Now that we’re done with detox week, though, I’m somewhat at a loss as to how to avoid going back to where we were. I’m realistic that we’re an integrated modern family with technology all around us. We’re not going to give up the screens altogether. Besides, doesn’t everyone remember this study that found “Sesame Street” to be just as good as pre-school?
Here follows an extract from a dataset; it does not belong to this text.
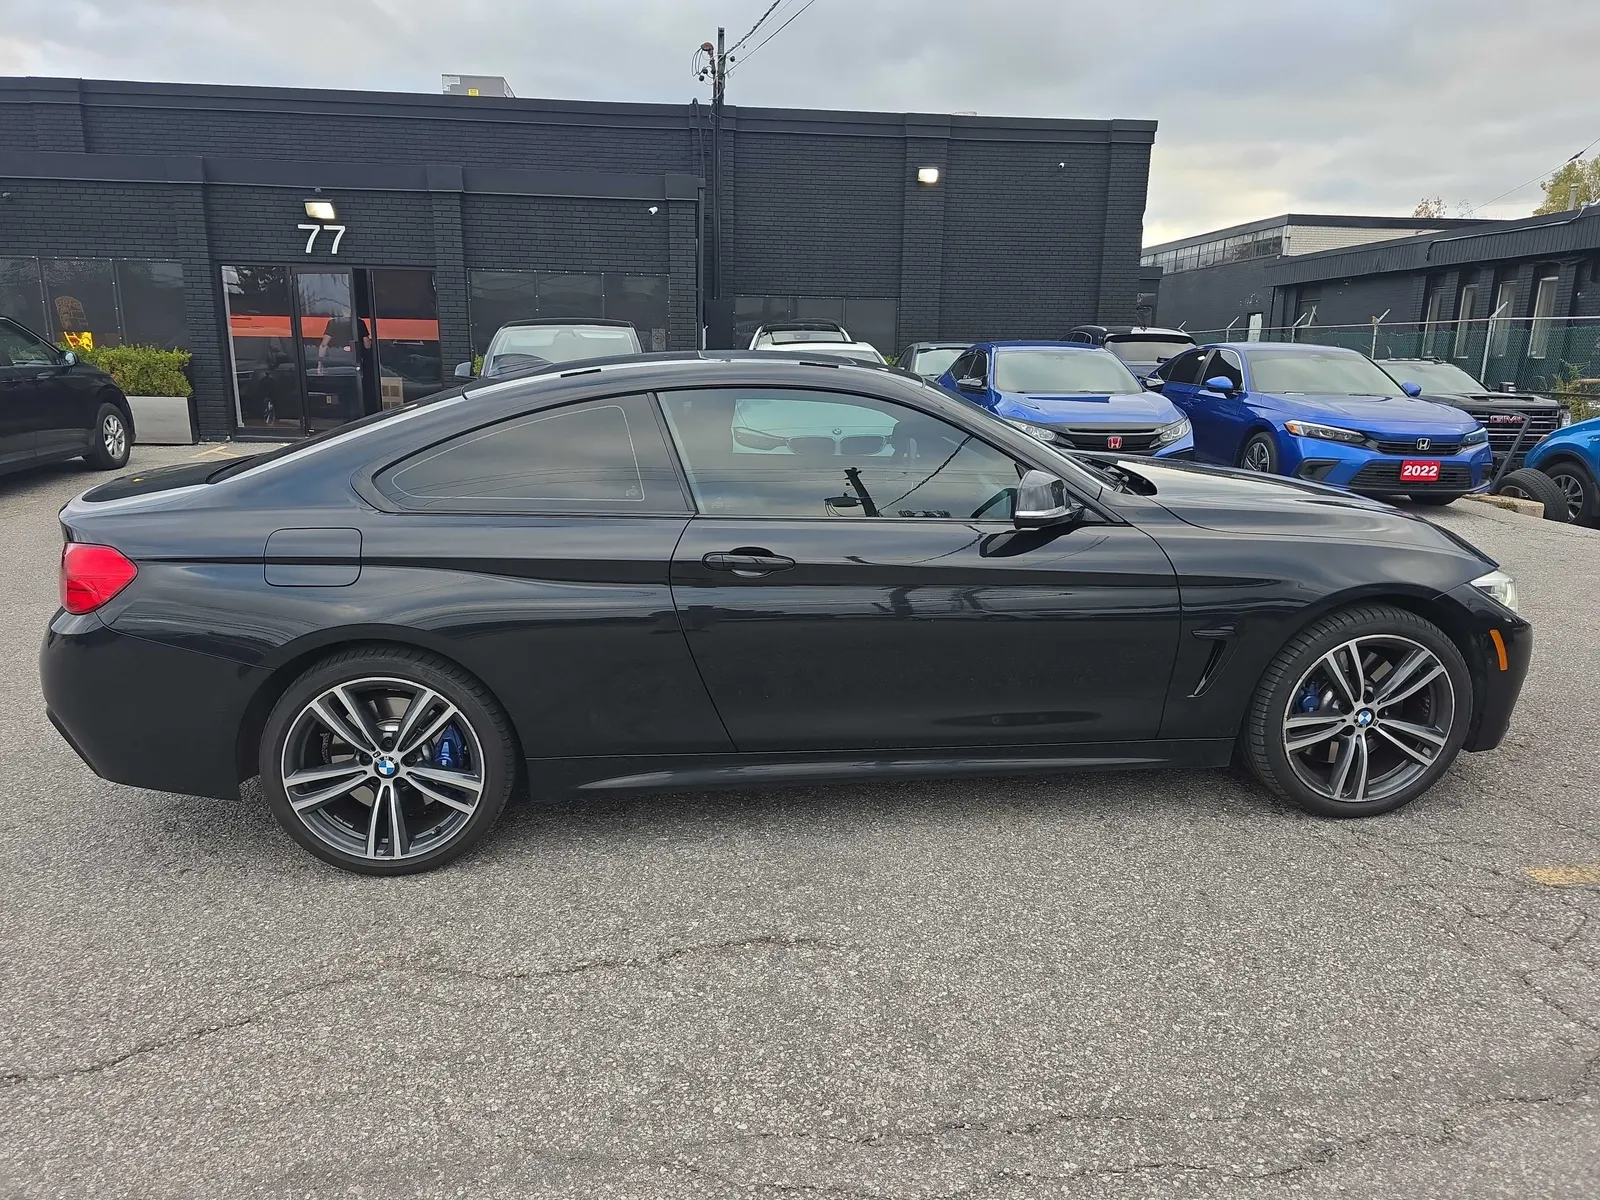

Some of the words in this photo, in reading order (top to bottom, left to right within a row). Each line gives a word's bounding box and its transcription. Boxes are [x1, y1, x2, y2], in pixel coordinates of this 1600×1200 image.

[297, 223, 346, 254] 77
[1490, 415, 1523, 424] GM
[1403, 465, 1438, 476] 2022
So on Monday I let Lou watch an episode of “Carebears” and Vic watch “Bob the Builder” while I made supper. To my chagrin, just that half-hour increment was enough to turn them back into monsters! I thought that more interactive PBS shows might be a less potent and more educational drug, so I tried that in small increments for the last couple days. Yet Nate remarked tonight that the kids are not behaving as well as they did last week. I’m not sure where to go from here? Any thoughts from the veteran parents out there, or are we just in a whole new frontier here in our Little House in the Frozen Tundra? (see what I did with the Laura Ingalls Wilder reference there?!)
(Before anyone feels defensive of their parenting, I completely realize that some kids are not negatively affected by screens to this degree. However, I myself can hardly hold a conversation with an interesting show on in the background or my phone in my hand, and the apples don’t fall far from this bloodshot-eye-strained tree (that would be me). Some kids are more triggered by lack of sleep, certain foods, overstimulation, etc. As parents it’s our job to recognize those triggers and help set limits while our children develop self-control.)